BTXA may be useful in posttraumatic EOM damage with ASI risk, posttraumatic adherence problems, and strabismus related to orbital injury. In the acute stage, BTXA injection may maintain the eye in the primary position, thus reducing contracture of the antagonist EOM. This allows soft tissue healing when the eye is in primary position and may reduce the impact of orbital fibrosis on the ocular motility. In the chronic stage it may be used as maintenance therapy or to reduce ASI risk with surgery on multiple rectus muscles (Fig. 6‑11, Fig. 6‑12, Fig. 6‑13).

6.2.12 Complications of BTXA Treatment

The most common side effect of BTXA is ptosis, with a frequency of 9 to 42%. It is dose related, is temporary, and occurs more often after MR injection. The spread of BTXA may affect a neighboring EOM, creating vertical diplopia (frequency 8.3–18.5%). ⁶¹ Diplopia from the induced BTXA paralysis may be bothersome and last many weeks. For this reason we often advise surgical correction for binocular patients with small deviations. Tonic pupil may develop with a frequency of 0.16% to 11%, ⁶² and usually reverses spontaneously. Since tonic pupil does not occur with high doses of 25 U into the orbit, used to paralyze all the muscles for severe oscillopsia (Chapter 17), it is hypothesized to result from needle injury rather than a pharmacologic effect. Accommodative deficiency and retrobulbar hemorrhage are rare complications of BTXA injection. Scleral perforation has an incidence of 0.28% in one report, but it has never occurred in these authors’ hands. ⁶² BTXA is nontoxic to retinal tissue, if injected in error. ⁶³

6.2.13 Disadvantages of BTXA Treatment

There are some disadvantages to treatment of strabismus with BTXA. There may be an inability to reach the target muscle, even using EMG. This occurs especially in postoperative cases and the vertical rectus muscles. Most of these cases, however, prove successful. The effect of injection may be less than the desired full paralysis of the muscle. Re-injection, usually with a higher dose, is required. The frequent lack of effect in established fibrotic strabismus cases, such as in TED, and long-standing paralysis indicates the need for surgery. Long-term reduction of effect of BTXA with recurrence of the deviation may occur.

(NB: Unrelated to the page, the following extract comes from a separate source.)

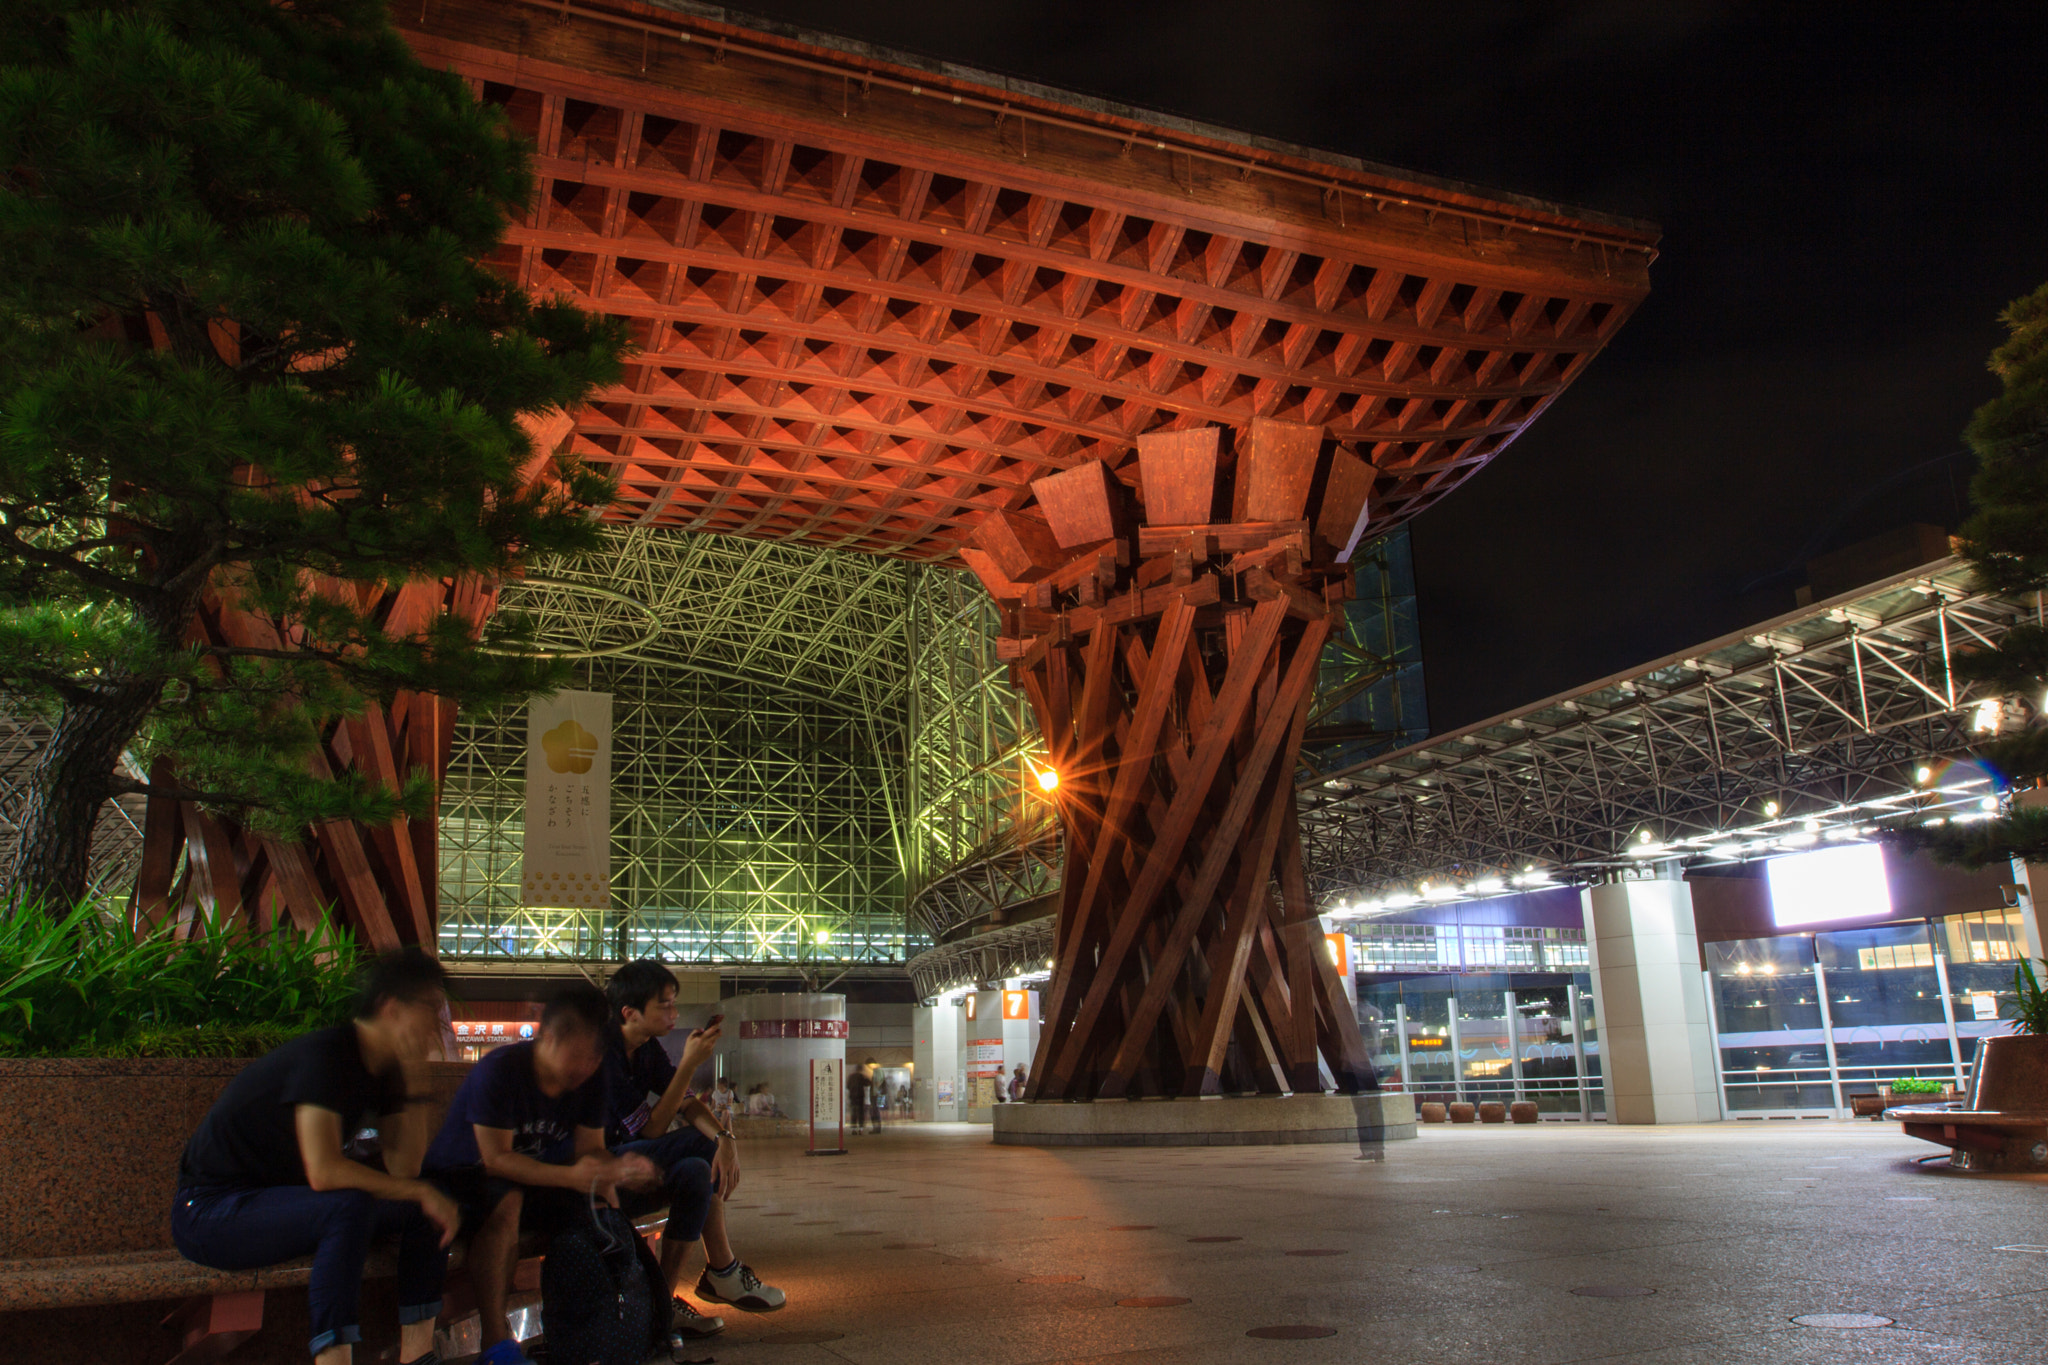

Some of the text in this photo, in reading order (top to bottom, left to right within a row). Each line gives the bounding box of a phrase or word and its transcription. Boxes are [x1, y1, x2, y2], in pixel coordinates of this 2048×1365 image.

[1007, 993, 1023, 1017] 7
[457, 1024, 504, 1036] 金沢駅
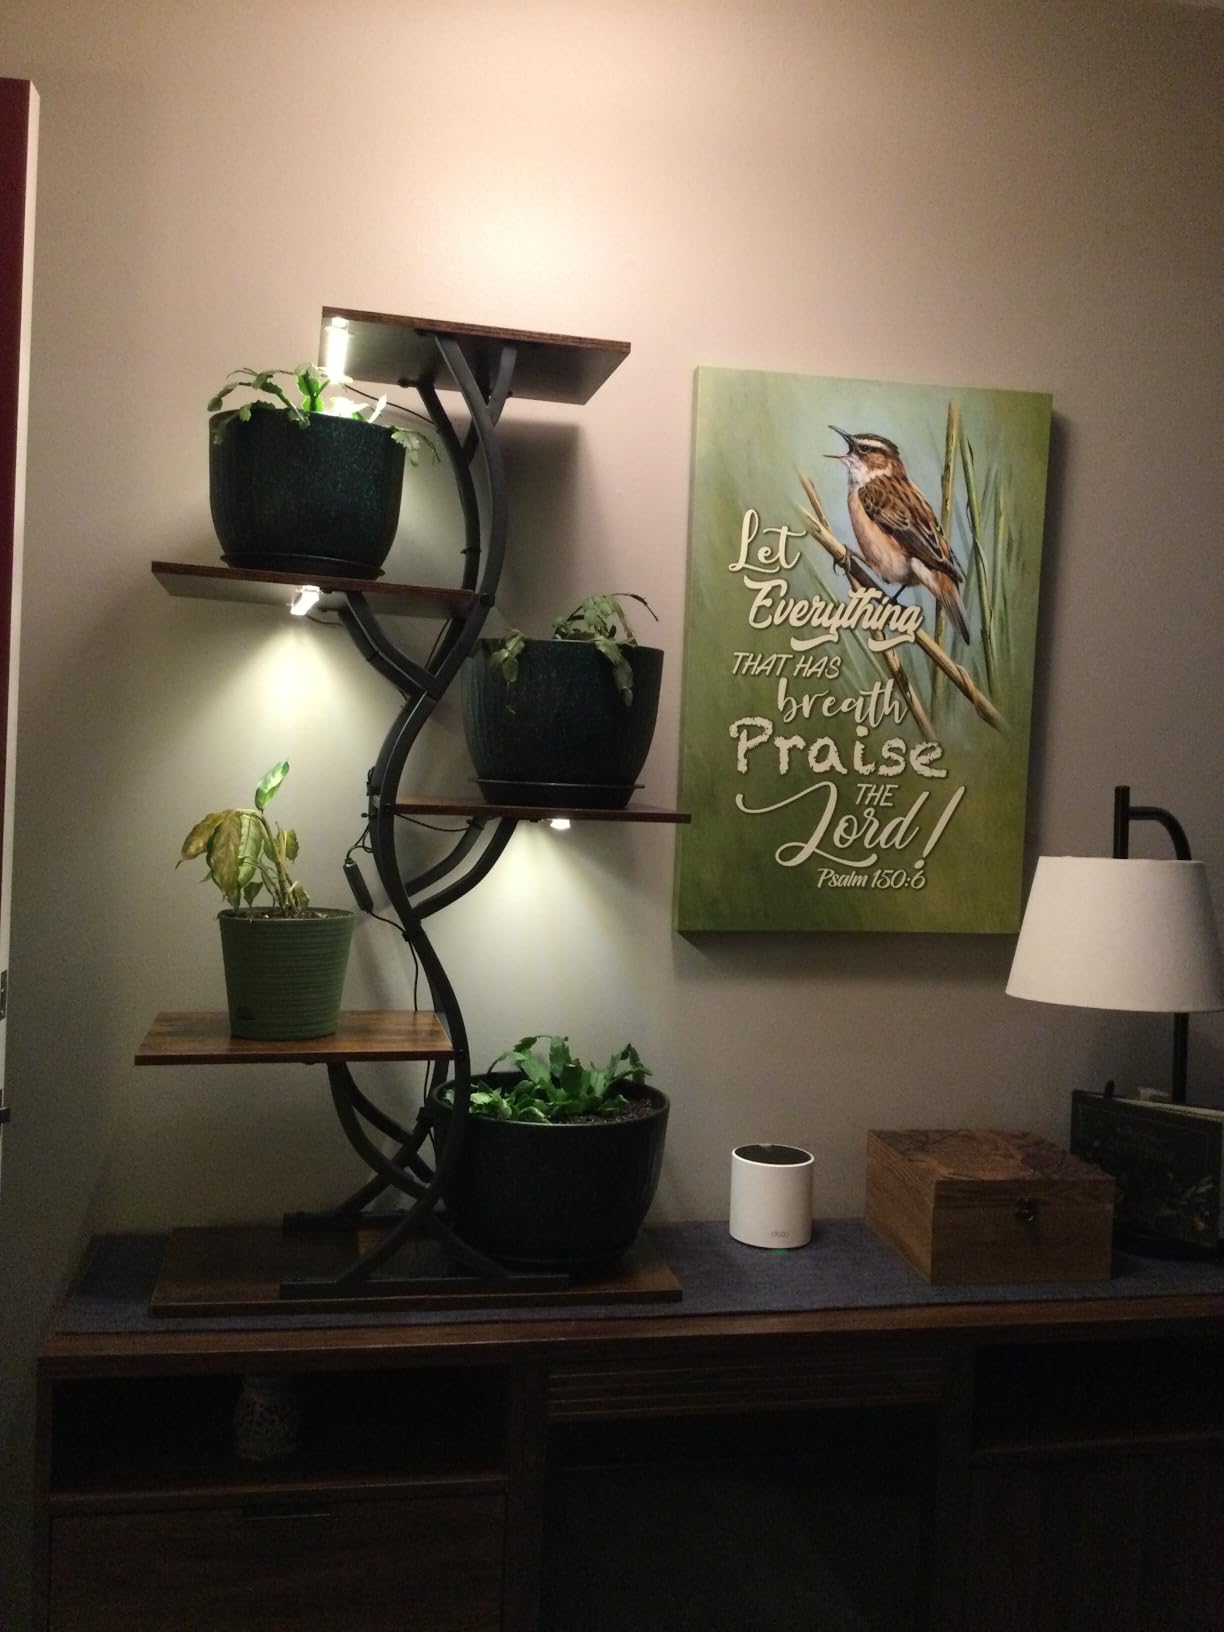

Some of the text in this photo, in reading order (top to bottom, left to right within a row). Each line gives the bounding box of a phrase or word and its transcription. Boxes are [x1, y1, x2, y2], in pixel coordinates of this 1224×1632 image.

6.2.14 Ideal Applications for BTXA in Strabismus

Considering all the advantages and disadvantages of BTXA treatment and the experience of the authors with using this agent in clinical practice, the ”first choice” applications of BTXA are as follows: acute phase paralytic/restrictive strabismus, early stages of over- or undercorrections after strabismus surgery, early adherence syndrome, ”intractable diplopia” risk or central fusion disruption, the need to weaken a rectus muscle with the risk of ASI, recurrent deviations despite multiple previous surgeries, as an addition to surgical recession for large angles, cyclic deviations in children, recent onset ET in children, and infantile ET.